Compiling distribution maps based on large sample collections is not an academic exercise. Knowing precise and accurate geographic distributions of vector species is an important prerequisite for: (1) an adequate choice of zones where vector control actions should focus, (2) a better selection of future study sites for entomologists working on secondary or local vector species, (3) studies on anopheline biodiversity relating to environmental and climatic changes, (4) analyses of landscape-species associations, and (5) modelling malaria risk maps or comparison of predictive ecological maps with field observations.

Since malaria transmission still occurs in central Vietnam and population movement from the centre to the north are important, vector control measures must be maintained. In addition, entomological, epidemiological and climatic data need to be integrated into a Geographic Information System to follow the future trends of the disease and to assess the malaria risk zones.
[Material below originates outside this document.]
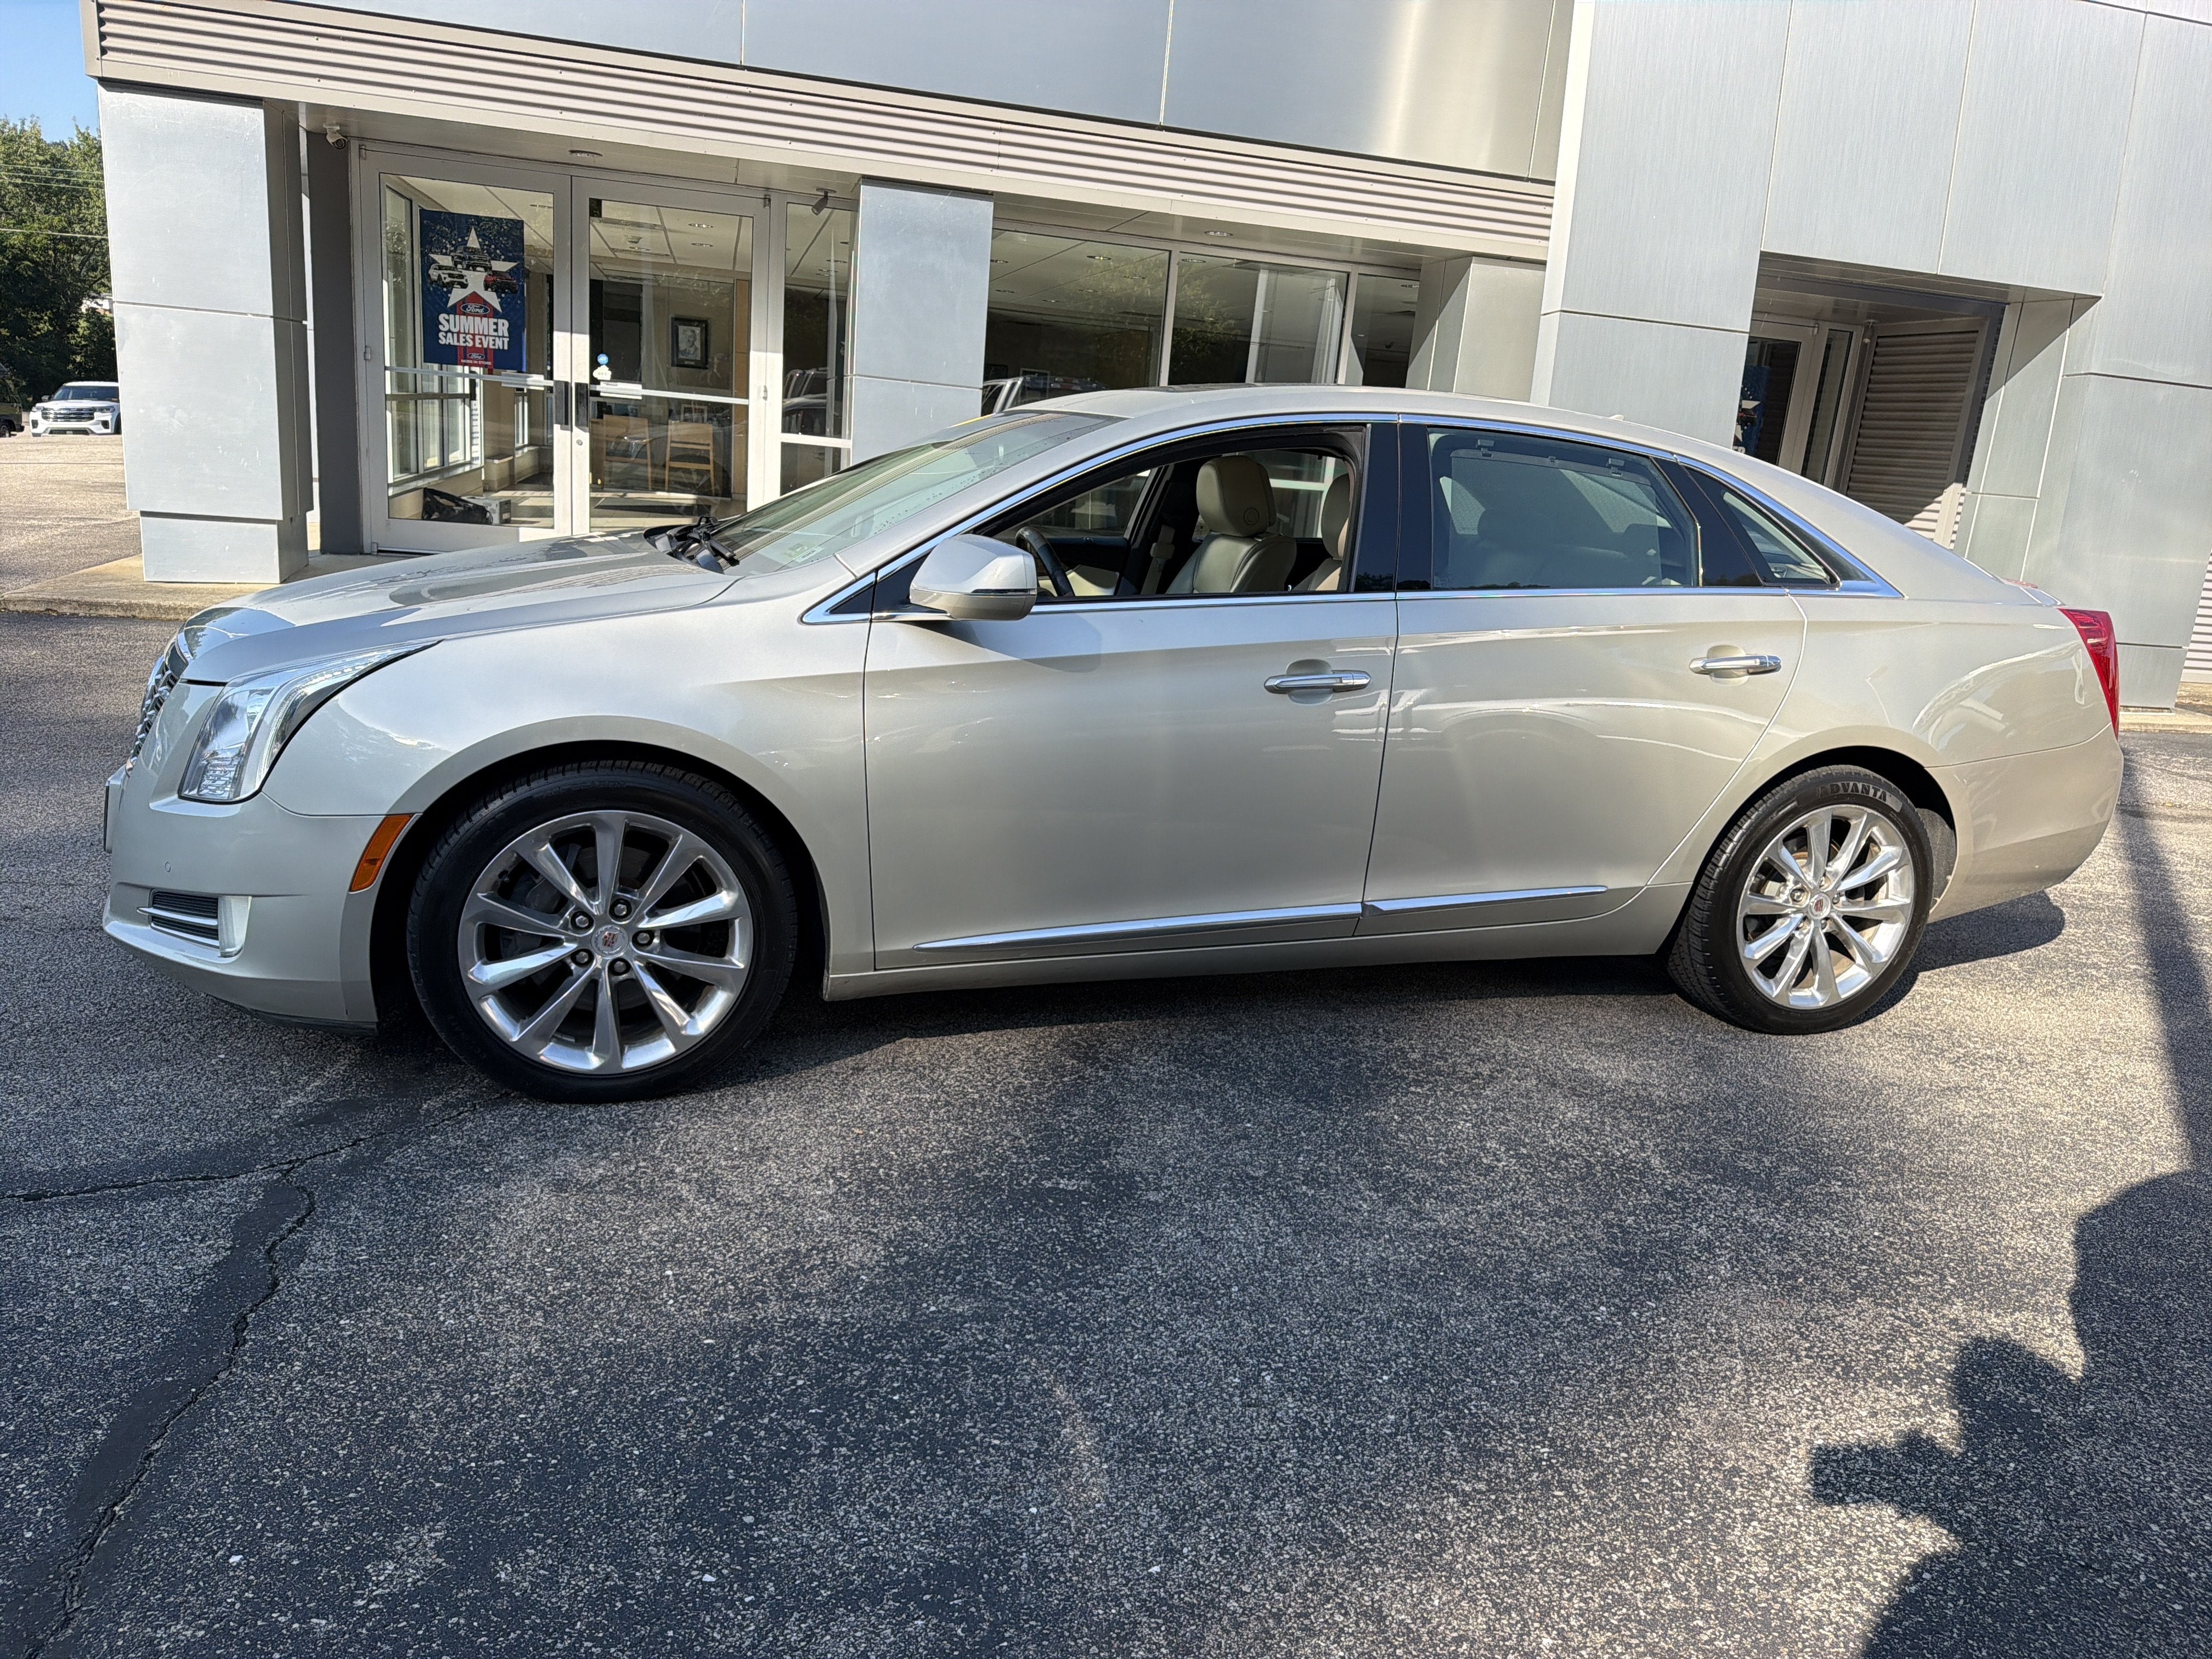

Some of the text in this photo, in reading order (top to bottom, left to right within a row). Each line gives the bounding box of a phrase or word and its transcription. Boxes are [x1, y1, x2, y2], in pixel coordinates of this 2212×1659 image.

These maps should be regularly updated and linked to environmental characteristics of disease epidemiology relating to environmental and climatic changes occurring in southeast Asia.

Competing interests

The author(s) declare that they have no competing interests.

Authors' contributions

CG participated in the spatial and data collections in northern Vietnam, carried out the molecular identification of the Minimus samples, analysed and interpreted the data, and drafted the manuscript. CVN coordinated the spatial data collections in northern and central Vietnam and made substantial intellectual contributions to the paper. THD coordinated all the entomological surveys and contributed to the content of the paper. MC (coordinator of the Malvecasia project) and SM initiated the study and revised the paper critically for important intellectual content. All authors read and approved the final manuscript.